Online longitudinal trajectory planning for connected and autonomous vehicles in mixed traffic flow with deep reinforcement learning approach

This manuscript presents an Adam optimization-based Deep Reinforcement Learning model for Mixed Traffic Flow control (ADRL-MTF), so as to guide Connected and Autonomous vehicle's (CAV) longitudinal trajectory on a typical urban roadway with signal-controlled intersections. Two improvements are made when compared with prior literatures. First, the common assumptions to simplify the problem solving, such as dividing a vehicle trajectory into several segments with constant acceleration/deceleration, are avoided, to improve the modeling realism. Second, built on the efficient Adam Optimization and Deep Q-Learning, the proposed model avoids the enumeration of states and actions, and is computational efficient and suitable for real time applications. The mixed traffic flow dynamic is firstly formulated as a finite Markov decision process (MDP) model. Due to the discretization of time, space and speed, this MDP model becomes high-dimensional in state, and is very challenging to solve. We then propose a temporal difference-based deep reinforcement learning approach, with ε-greedy for exploration-exploitation balance.

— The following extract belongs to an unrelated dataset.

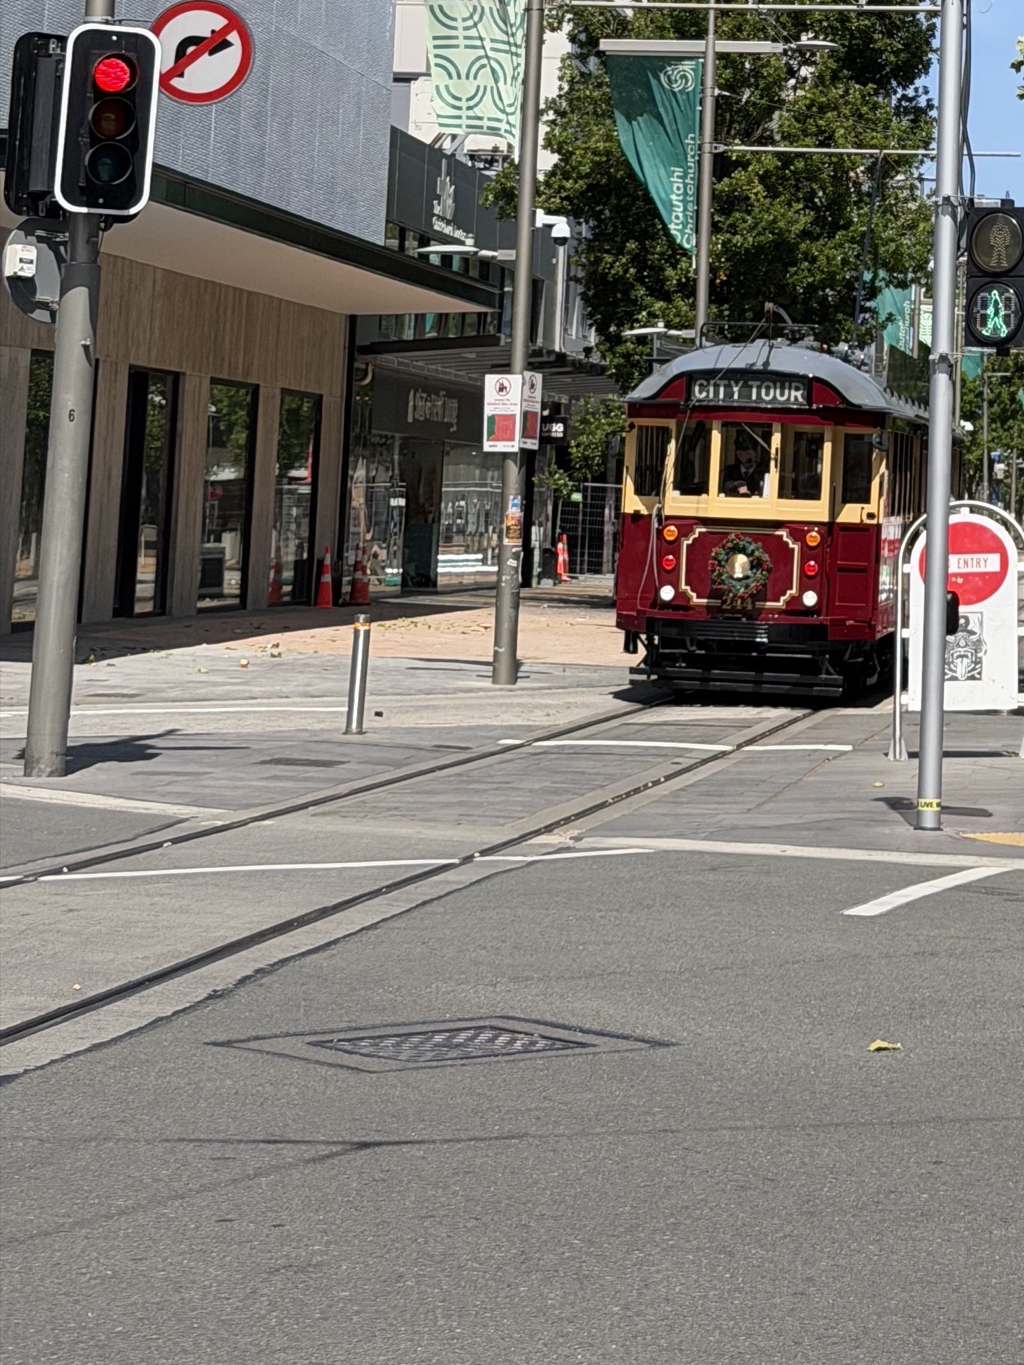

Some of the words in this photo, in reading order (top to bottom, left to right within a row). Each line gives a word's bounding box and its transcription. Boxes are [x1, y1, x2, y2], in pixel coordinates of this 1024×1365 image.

[694, 379, 743, 400] CITY
[748, 380, 804, 402] TOUR
[68, 408, 76, 423] 6
[957, 557, 989, 570] ENTRY

Two neural networks are developed to replace the traditional Q function and generate the targets in the Q-learning update. These two neural networks are trained by the Adam optimization algorithm, which extends stochastic gradient descent and considers the second moments of the gradients, and is thus highly computational efficient and has lower memory requirements. The proposed model is shown to reduce fuel consumption by 7.8%, which outperforms a prior benchmark model based on Monte Carlo Tree Search. The model's runtime efficiency and stability are tested, and the sensitivity analysis is also performed.